A pesquisa da UFMG analisou dados do Vigitel coletados entre 2006 e 2023 nas 26 capitais e no Distrito Federal. Nesse período, a proporção de adultos que relataram consumo abusivo de álcool em uma única ocasião aumentou de 15,7% para 20,8%.

Crescimento é maior entre as mulheres

Entre as mulheres, o indicador passou de 7,8% para 15,2%, ficando próximo de dobrar em 17 anos. Entre os homens, a variação de 25% para 27,3% foi considerada estatisticamente estável pelos pesquisadores. O aumento também apareceu nas regiões Centro-Oeste, Nordeste, Sudeste e Sul.

Pela projeção baseada no comportamento observado entre 2015 e 2023, a prevalência deverá chegar a 22,2% da população adulta das capitais em 2030, com índices estimados de 26,5% entre homens e 19,3% entre mulheres. Para cumprir a meta de redução prevista para a década, o indicador geral precisaria cair para cerca de 15,5%.

Menos adultos bebem, mas consumo de risco permanece alto

O 3º Levantamento Nacional de Álcool e Drogas, conduzido pela Universidade Federal de São Paulo (Unifesp) em parceria com o Ministério da Justiça e Segurança Pública, encontrou uma aparente contradição. A parcela de adultos que declarou ter consumido álcool no ano anterior à pesquisa caiu de 47,7%, em 2012, para 42,5%, em 2023, mas os padrões de uso arriscado continuam elevados.

O estudo, que entrevistou 16.608 pessoas com 14 anos ou mais, aponta que aproximadamente um em cada três adultos teve episódios de consumo pesado. Cerca de um em cada nove apresentou critérios compatíveis com transtorno relacionado ao uso de álcool.

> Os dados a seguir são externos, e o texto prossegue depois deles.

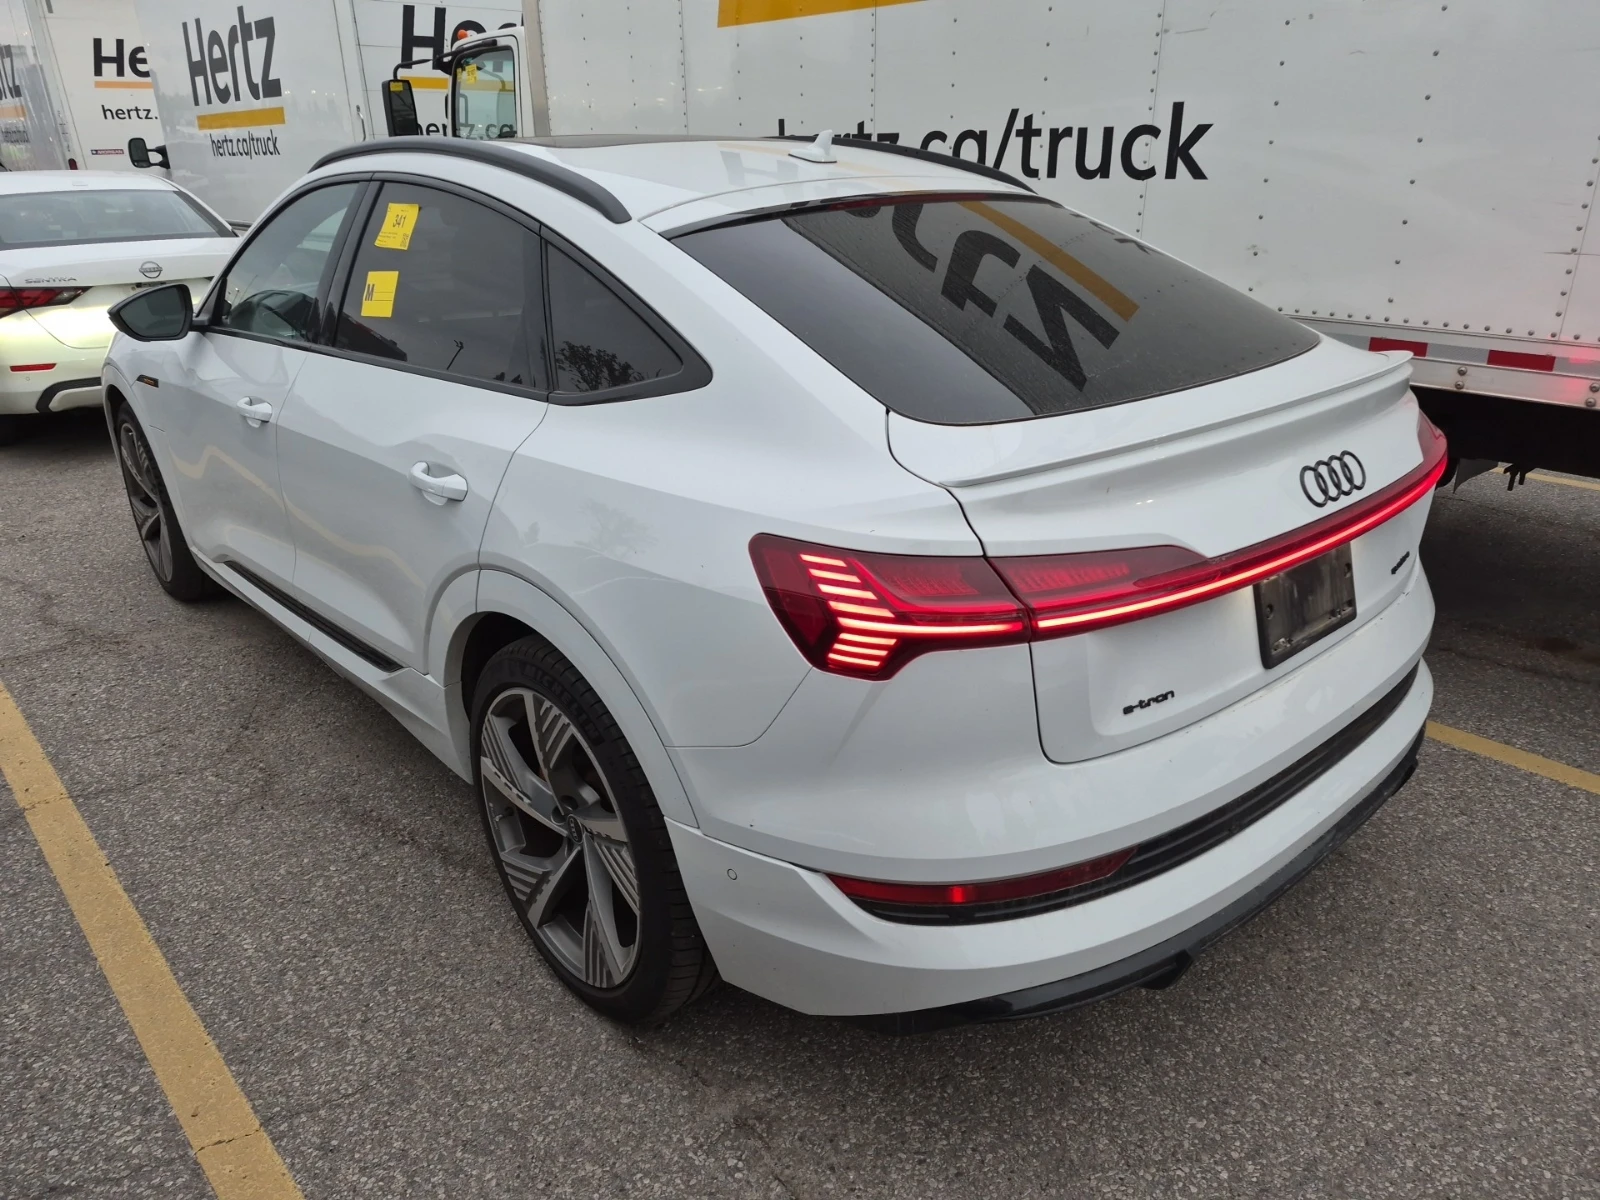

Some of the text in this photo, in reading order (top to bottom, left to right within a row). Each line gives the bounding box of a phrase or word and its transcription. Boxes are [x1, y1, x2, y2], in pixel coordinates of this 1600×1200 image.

Entre adolescentes de 14 a 17 anos, as meninas superaram os meninos nos principais recortes. O consumo no último ano foi relatado por 21,6% delas, contra 16,7% dos meninos. No mês anterior à pesquisa, os percentuais foram de 12,4% entre as meninas e 8,5% entre os meninos, apesar da proibição da venda de bebidas alcoólicas para menores de 18 anos.

Impacto chega à saúde e à economia

O Observatório Brasileiro de Informações sobre Drogas estima que as consequências do consumo de álcool custem aproximadamente R$ 19 bilhões por ano ao país. Desse total, R$ 1,1 bilhão corresponde a internações e procedimentos realizados pelo Sistema Único de Saúde, enquanto R$ 17,7 bilhões envolvem perdas de produtividade, afastamentos e aposentadorias precoces.

A Organização Pan-Americana da Saúde alerta que o consumo médio de álcool nas Américas é cerca de 40% superior à média mundial. Para conter os danos, a entidade recomenda medidas combinadas, como restrição à publicidade e à disponibilidade das bebidas, fiscalização contra a condução após o consumo, ampliação do acesso a tratamento e políticas de tributação e preços.